What the task asks: Before you return the lines below, strip out any images and keep every word as written.

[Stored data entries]
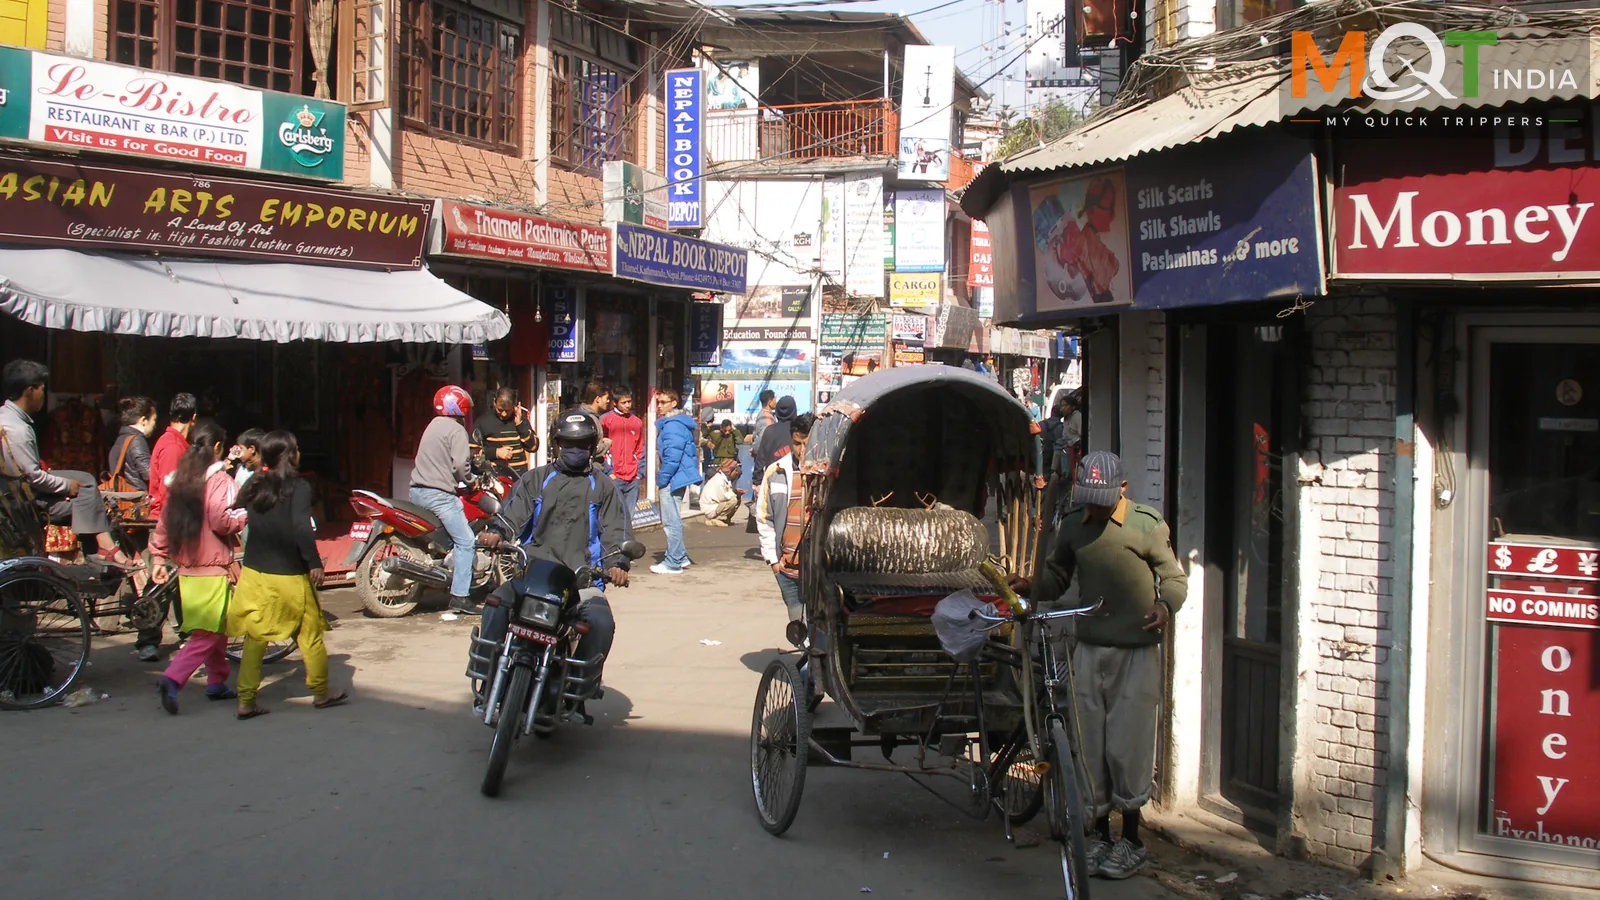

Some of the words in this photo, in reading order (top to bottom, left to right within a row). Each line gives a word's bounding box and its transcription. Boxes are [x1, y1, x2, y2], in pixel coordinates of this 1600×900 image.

[38, 63, 255, 124] Le-Bistro
[673, 77, 695, 133] NEPAL
[47, 106, 141, 131] RESTAURANT
[145, 123, 156, 134] &
[161, 123, 188, 138] BAR
[193, 127, 215, 143] (P.)
[220, 131, 247, 147] LTD.
[279, 122, 333, 152] Carlsberg
[1494, 104, 1600, 167] DE
[53, 128, 93, 145] Visit
[99, 137, 117, 148] us
[123, 138, 149, 152] for
[153, 143, 199, 158] Good
[204, 149, 243, 164] Food
[194, 179, 211, 189] 786
[673, 139, 694, 195] BOOK
[0, 172, 116, 208] ASIAN
[143, 187, 235, 219] ARTS
[259, 198, 418, 238] EMPORIUM
[669, 202, 699, 222] DEPOT
[1138, 187, 1165, 210] Silk
[1168, 178, 1214, 206] Scarfs
[67, 222, 143, 240] (Specialist
[147, 231, 162, 241] in:
[168, 231, 196, 247] High
[201, 233, 246, 248] Fashion
[251, 238, 293, 252] Leather
[295, 241, 354, 258] Garments)
[168, 216, 182, 228] A
[184, 218, 225, 232] Land
[228, 222, 247, 237] Of
[247, 223, 273, 236] Art
[475, 210, 522, 240] Thamel
[525, 219, 579, 249] Pashmina
[581, 228, 608, 253] Point
[793, 238, 811, 246] KGH
[1140, 217, 1167, 241] Silk
[1170, 210, 1222, 238] Shawls
[1347, 190, 1595, 262] Money
[628, 231, 670, 268] NEPAL
[672, 240, 707, 270] BOOK
[709, 249, 747, 278] DEPOT
[1142, 245, 1218, 272] Pashminas
[1255, 236, 1300, 259] more
[893, 281, 936, 290] CARGO
[553, 290, 568, 335] USED
[894, 323, 924, 333] MASSAGE
[723, 329, 760, 340] Education
[1494, 545, 1512, 570] $
[1526, 548, 1559, 573] £
[1488, 597, 1517, 613] NO

Your response:
Some of the words in this photo, in reading order (top to bottom, left to right within a row). Each line gives a word's bounding box and its transcription. Boxes are [x1, y1, x2, y2], in pixel coordinates of this 1600×900 image.

[38, 63, 255, 124] Le-Bistro
[673, 77, 695, 133] NEPAL
[47, 106, 141, 131] RESTAURANT
[145, 123, 156, 134] &
[161, 123, 188, 138] BAR
[193, 127, 215, 143] (P.)
[220, 131, 247, 147] LTD.
[279, 122, 333, 152] Carlsberg
[1494, 104, 1600, 167] DE
[53, 128, 93, 145] Visit
[99, 137, 117, 148] us
[123, 138, 149, 152] for
[153, 143, 199, 158] Good
[204, 149, 243, 164] Food
[194, 179, 211, 189] 786
[673, 139, 694, 195] BOOK
[0, 172, 116, 208] ASIAN
[143, 187, 235, 219] ARTS
[259, 198, 418, 238] EMPORIUM
[669, 202, 699, 222] DEPOT
[1138, 187, 1165, 210] Silk
[1168, 178, 1214, 206] Scarfs
[67, 222, 143, 240] (Specialist
[147, 231, 162, 241] in:
[168, 231, 196, 247] High
[201, 233, 246, 248] Fashion
[251, 238, 293, 252] Leather
[295, 241, 354, 258] Garments)
[168, 216, 182, 228] A
[184, 218, 225, 232] Land
[228, 222, 247, 237] Of
[247, 223, 273, 236] Art
[475, 210, 522, 240] Thamel
[525, 219, 579, 249] Pashmina
[581, 228, 608, 253] Point
[793, 238, 811, 246] KGH
[1140, 217, 1167, 241] Silk
[1170, 210, 1222, 238] Shawls
[1347, 190, 1595, 262] Money
[628, 231, 670, 268] NEPAL
[672, 240, 707, 270] BOOK
[709, 249, 747, 278] DEPOT
[1142, 245, 1218, 272] Pashminas
[1255, 236, 1300, 259] more
[893, 281, 936, 290] CARGO
[553, 290, 568, 335] USED
[894, 323, 924, 333] MASSAGE
[723, 329, 760, 340] Education
[1494, 545, 1512, 570] $
[1526, 548, 1559, 573] £
[1488, 597, 1517, 613] NO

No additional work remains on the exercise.